=== The task ===
Without the pictures, set down every record below exactly as it reads.

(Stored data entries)
#####

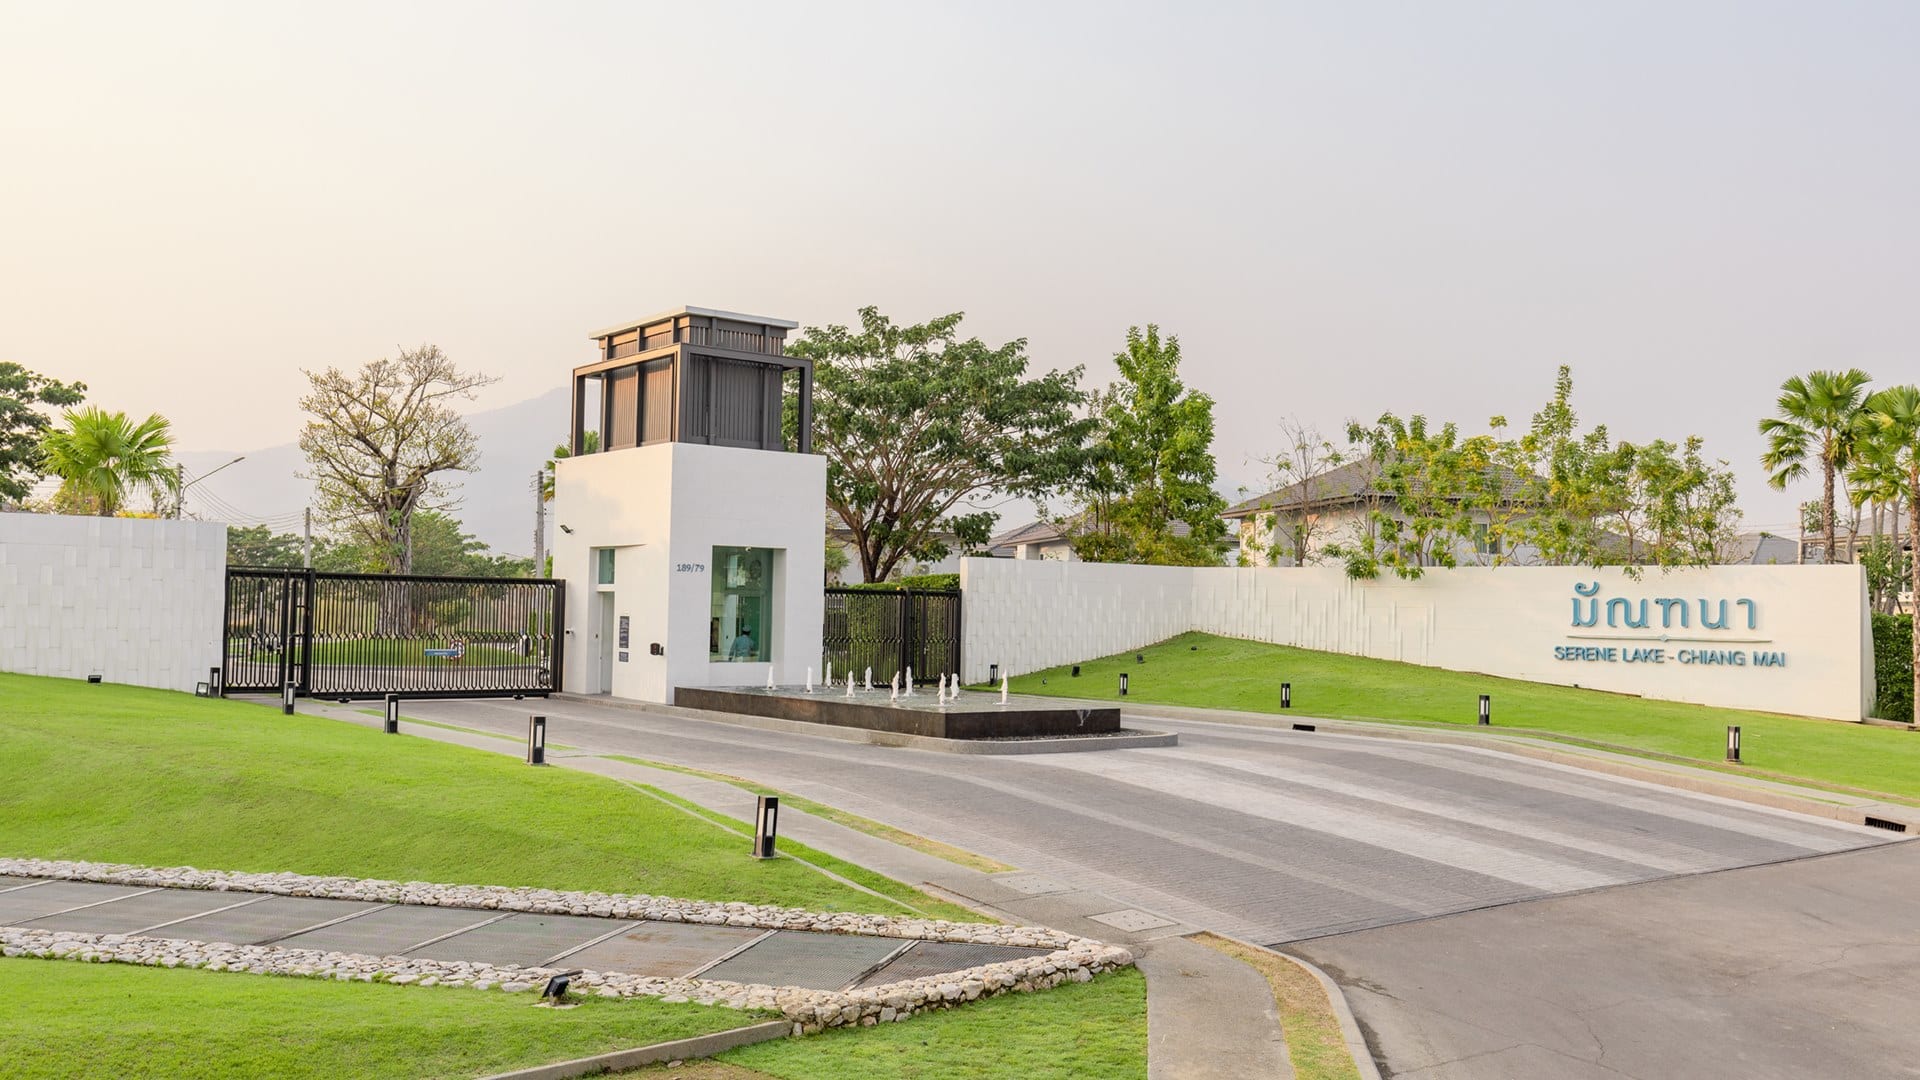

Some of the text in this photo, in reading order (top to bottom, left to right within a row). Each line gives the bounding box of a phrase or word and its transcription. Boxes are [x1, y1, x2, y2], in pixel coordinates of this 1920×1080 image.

[676, 563, 705, 573] 189/79
[1554, 646, 1617, 662] SERENE
[1622, 648, 1665, 664] LAKE
[1677, 649, 1746, 667] CHIANG
[1752, 651, 1786, 668] MAI

#####

=== Answer ===
Some of the text in this photo, in reading order (top to bottom, left to right within a row). Each line gives the bounding box of a phrase or word and its transcription. Boxes are [x1, y1, x2, y2], in pixel coordinates of this 1920×1080 image.

[676, 563, 705, 573] 189/79
[1554, 646, 1617, 662] SERENE
[1622, 648, 1665, 664] LAKE
[1677, 649, 1746, 667] CHIANG
[1752, 651, 1786, 668] MAI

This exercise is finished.